▶ [Task statement]:
Reproduce the entries exactly, but keep the pictures out of the copy.

=== Begin Enclosure ===

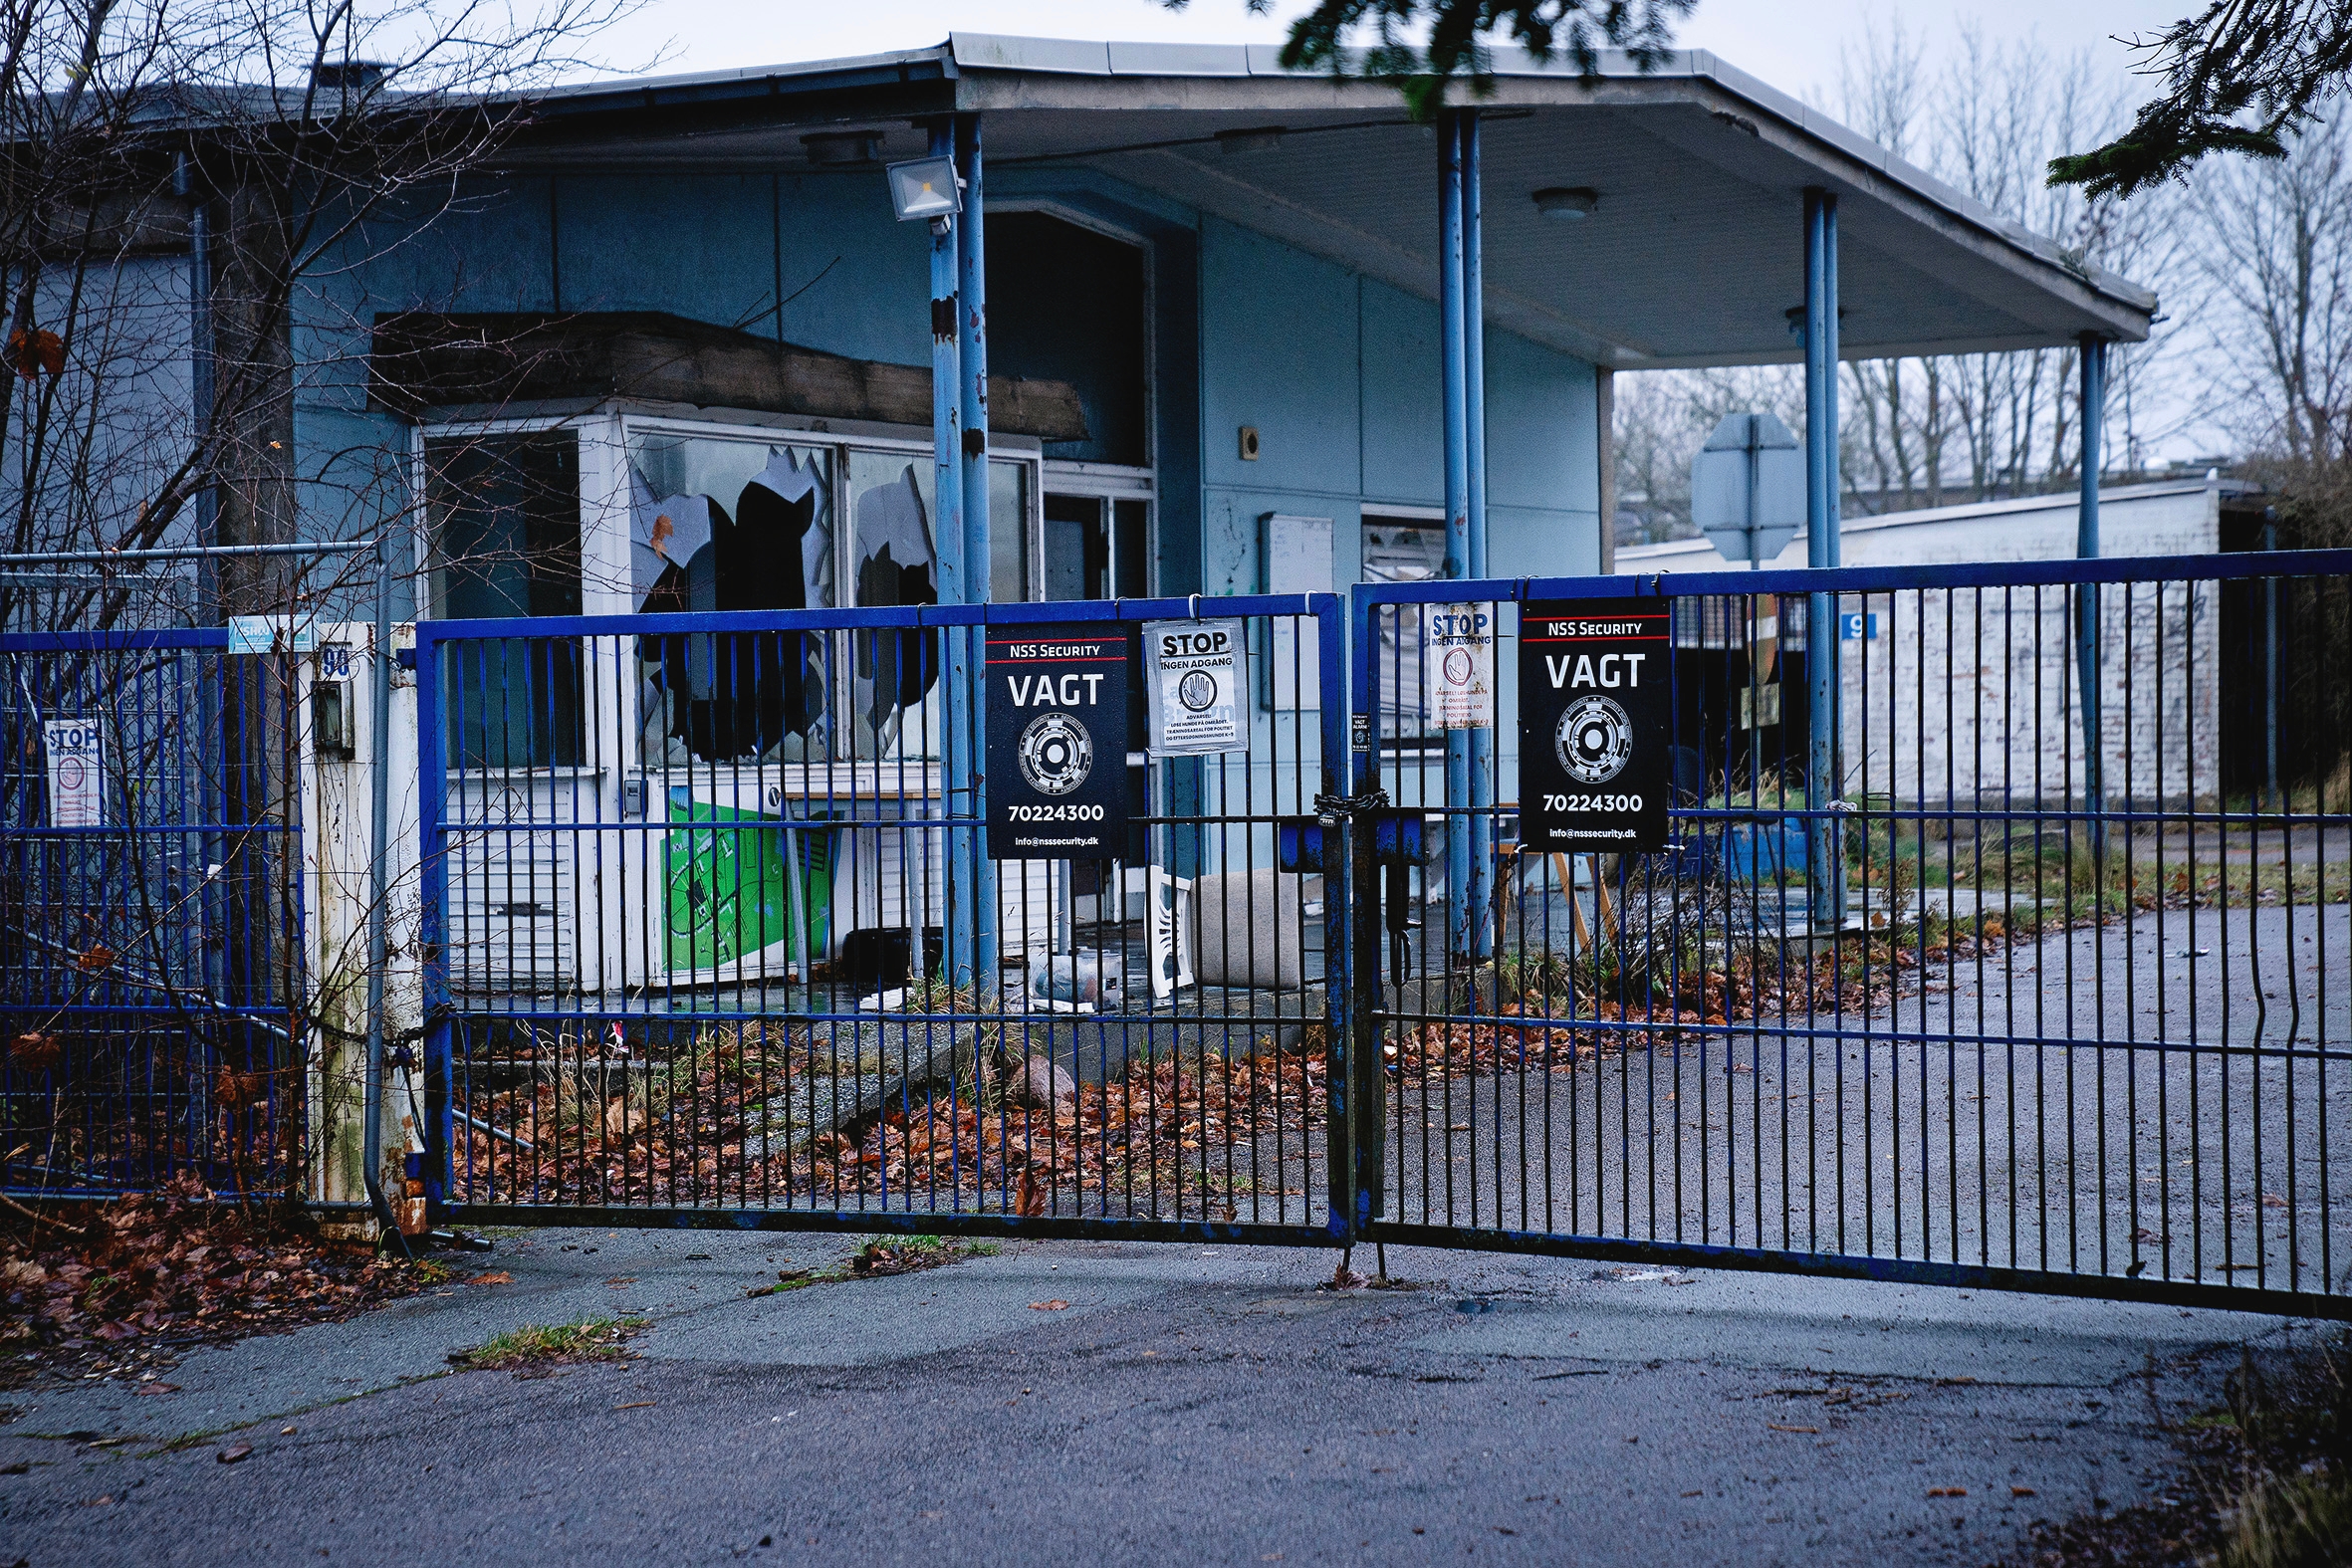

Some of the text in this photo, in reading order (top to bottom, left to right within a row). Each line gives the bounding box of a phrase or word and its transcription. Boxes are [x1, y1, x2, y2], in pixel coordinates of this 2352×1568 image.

[1433, 613, 1488, 636] STOP
[1548, 622, 1576, 636] NSS
[1010, 645, 1037, 658] NSS
[1162, 632, 1228, 655] STOP
[1160, 658, 1233, 670] INGEN ADGANG
[1545, 653, 1645, 689] VAGT
[1007, 673, 1104, 707] VAGT
[50, 728, 98, 748] STOP
[1543, 794, 1643, 811] 70224300
[1008, 804, 1104, 821] 70224300
[1015, 836, 1099, 847] info@nsssecurity.dk
[1549, 827, 1636, 839] info@nsssecurity.dk

=== End Enclosure ===

▶ [Response to this task]:
Some of the text in this photo, in reading order (top to bottom, left to right within a row). Each line gives the bounding box of a phrase or word and its transcription. Boxes are [x1, y1, x2, y2], in pixel coordinates of this 2352×1568 image.

[1433, 613, 1488, 636] STOP
[1548, 622, 1576, 636] NSS
[1010, 645, 1037, 658] NSS
[1162, 632, 1228, 655] STOP
[1160, 658, 1233, 670] INGEN ADGANG
[1545, 653, 1645, 689] VAGT
[1007, 673, 1104, 707] VAGT
[50, 728, 98, 748] STOP
[1543, 794, 1643, 811] 70224300
[1008, 804, 1104, 821] 70224300
[1015, 836, 1099, 847] info@nsssecurity.dk
[1549, 827, 1636, 839] info@nsssecurity.dk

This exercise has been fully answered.